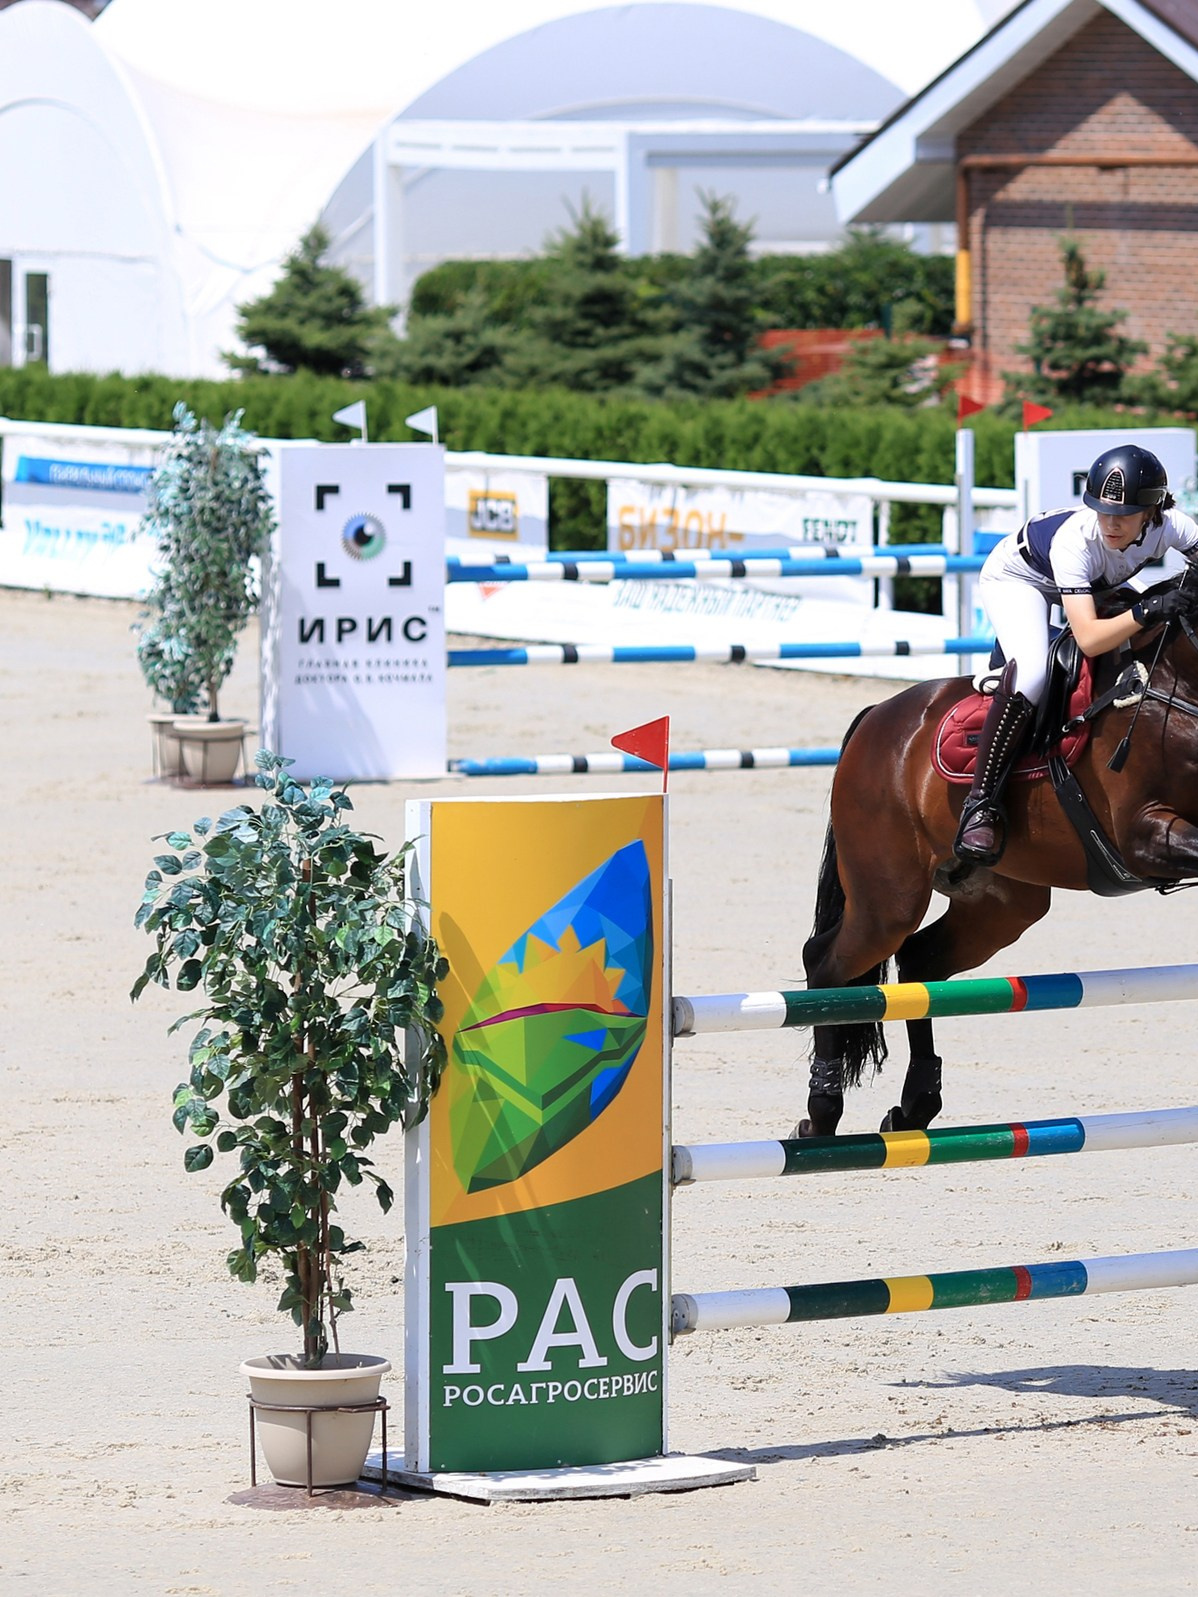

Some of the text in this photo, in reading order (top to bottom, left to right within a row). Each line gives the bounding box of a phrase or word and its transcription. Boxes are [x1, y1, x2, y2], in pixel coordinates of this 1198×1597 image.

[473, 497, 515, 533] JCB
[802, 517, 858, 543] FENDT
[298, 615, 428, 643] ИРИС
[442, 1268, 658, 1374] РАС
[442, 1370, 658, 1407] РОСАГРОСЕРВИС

************

» **WORK TASK**: This calls for each record above to be set down exactly, with the images skipped.

» **TASK RESULT**:
Some of the text in this photo, in reading order (top to bottom, left to right within a row). Each line gives the bounding box of a phrase or word and its transcription. Boxes are [x1, y1, x2, y2], in pixel coordinates of this 1198×1597 image.

[473, 497, 515, 533] JCB
[802, 517, 858, 543] FENDT
[298, 615, 428, 643] ИРИС
[442, 1268, 658, 1374] РАС
[442, 1370, 658, 1407] РОСАГРОСЕРВИС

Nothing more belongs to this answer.